For this example, I tested all six possible pairwise comparisons. Klein et al. (2011) decided before doing the study that they would only look at five pairwise comparisons (all except selenium vs. vitamin E), so their Bonferroni-adjusted \(P\) value would have been \(0.05/5\), or \(0.01\). If they had decided ahead of time to just compare each of the three treatments vs. the placebo, their Bonferroni-adjusted \(P\) value would have been \(0.05/3\), or \(0.017\). The important thing is to decide before looking at the results how many comparisons to do, then adjust the \(P\) value accordingly. If you don't decide ahead of time to limit yourself to particular pair wise comparisons, you need to adjust for the number of all possible pairs.

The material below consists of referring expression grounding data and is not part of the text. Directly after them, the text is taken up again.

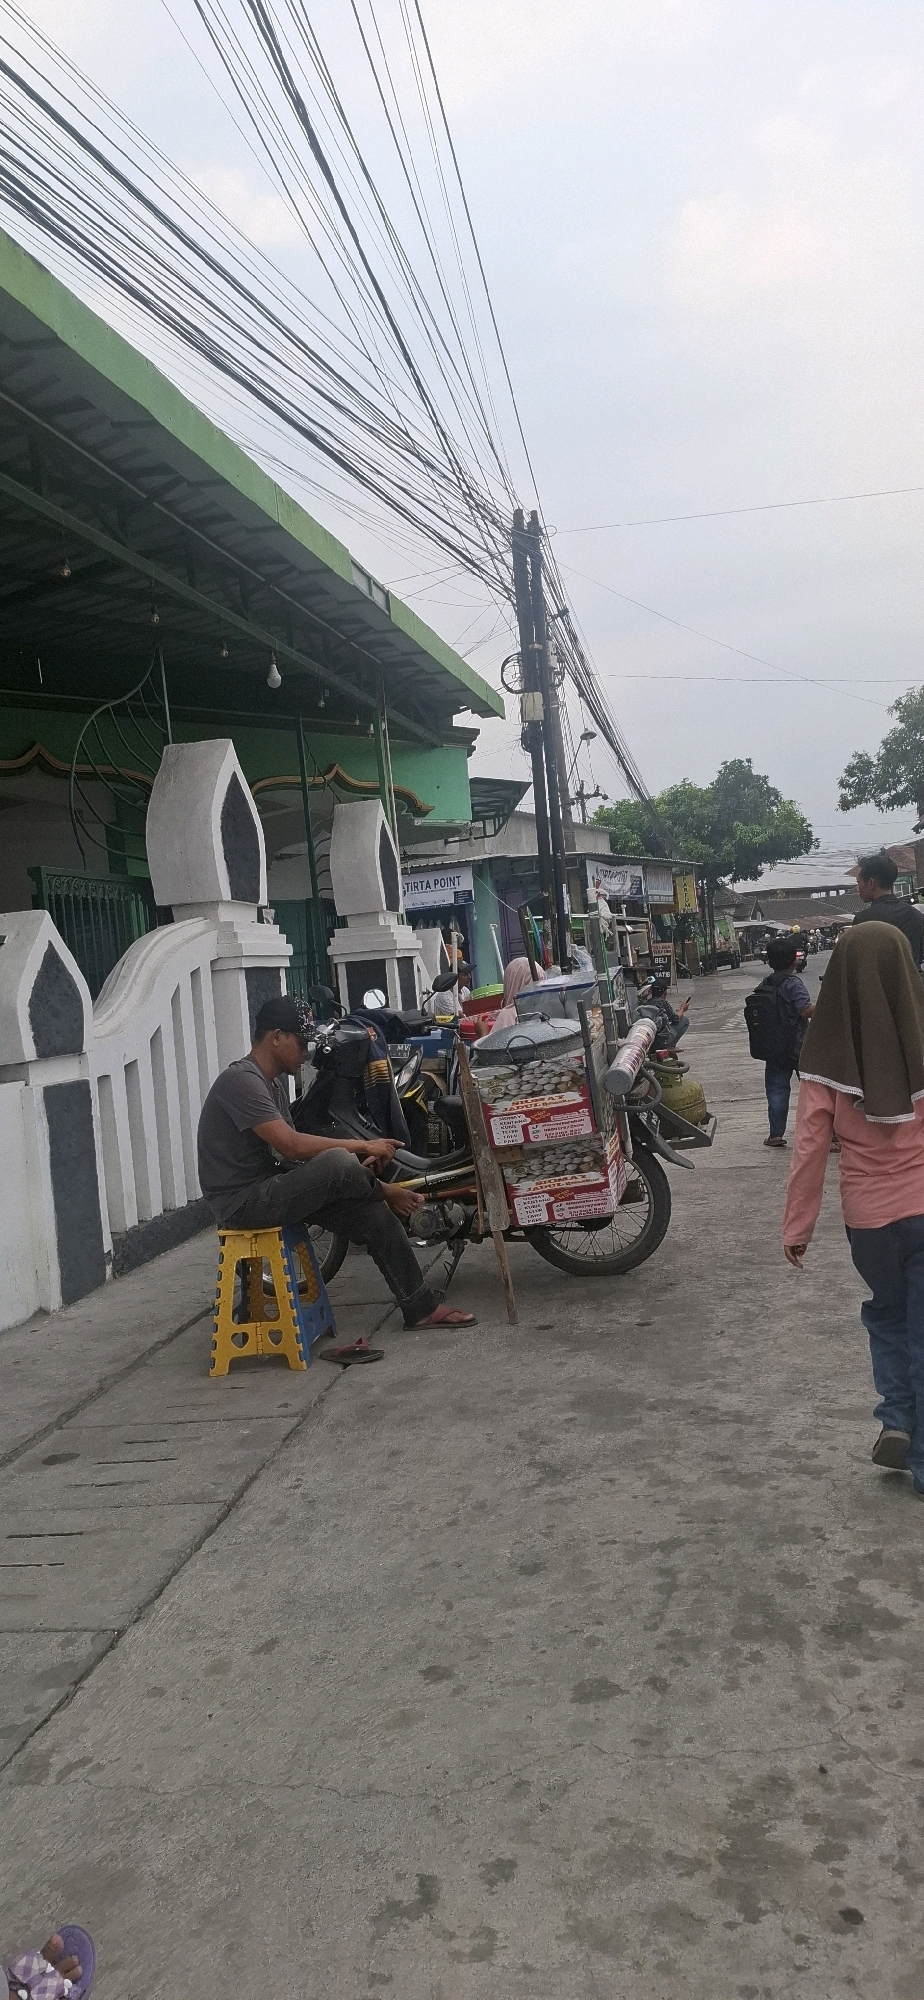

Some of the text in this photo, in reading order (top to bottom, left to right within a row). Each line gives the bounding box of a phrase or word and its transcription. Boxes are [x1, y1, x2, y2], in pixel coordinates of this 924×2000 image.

[405, 880, 431, 892] TIRTA
[434, 875, 462, 889] POINT
[683, 877, 691, 908] PARFUM
[511, 1094, 564, 1106] SIOMAY
[535, 1174, 587, 1185] SIOMAY

Another kind of post-hoc comparison involves testing each value of one nominal variable vs. the sum of all others. The same principle applies: get the \(P\) value for each comparison, then apply the Bonferroni correction. For example, Latta et al. (2012) collected birds in remnant riparian habitat (areas along rivers in California with mostly native vegetation) and restored riparian habitat (once degraded areas that have had native vegetation re-established). They observed the following numbers (lumping together the less common bird species as "Uncommon"):
Remnant | Restored | |
---|---|---|
Ruby-crowned kinglet | 677 | 198 |
White-crowned sparrow | 408 | 260 |
Lincoln's sparrow | 270 | 187 |
Golden-crowned sparrow | 300 | 89 |
Bushtit | 198 | 91 |
Song Sparrow | 150 | 50 |
Spotted towhee | 137 | 32 |
Bewick's wren | 106 | 48 |
Hermit thrush | 119 | 24 |
Dark-eyed junco | 34 | 39 |
Lesser goldfinch | 57 | 15 |
Uncommon | 457 | 125 |
The overall table yields a chi-square value of \(149.8\) with \(11\) degrees of freedom, which is highly significant (\(P=2\times 10^{-26}\)). That tells us there's a difference in the species composition between the remnant and restored habitat, but it would be interesting to see which species are a significantly higher proportion of the total in each habitat. To do that, do a \(2\times 2\) table for each species vs. all others, like this:
Remnant | Restored | |
---|---|---|
Ruby-crowned kinglet | 677 | 198 |
All others | 2236 | 960 |
This gives the following \(P\) values:
P value | |
---|---|
Ruby-crowned kinglet | 0.000017 |
White-crowned sparrow | 5.2×10^{−11} |
Lincoln's sparrow | 3.5×10^{−10} |
Golden-crowned sparrow | 0.011 |
Bushtit | 0.23 |
Song Sparrow | 0.27 |
Spotted towhee | 0.0051 |
Bewick's wren | 0.44 |
Hermit thrush | 0.0017 |
Dark-eyed junco | 1.8×10^{−6} |
Lesser goldfinch | 0.15 |
Uncommon | 0.00006 |
Because there are \(12\) comparisons, applying the Bonferroni correction means that a \(P\) value has to be less than \(0.05/12=0.0042\) to be significant at the \(P<0.05\) level, so six of the \(12\) species show a significant difference between the habitats.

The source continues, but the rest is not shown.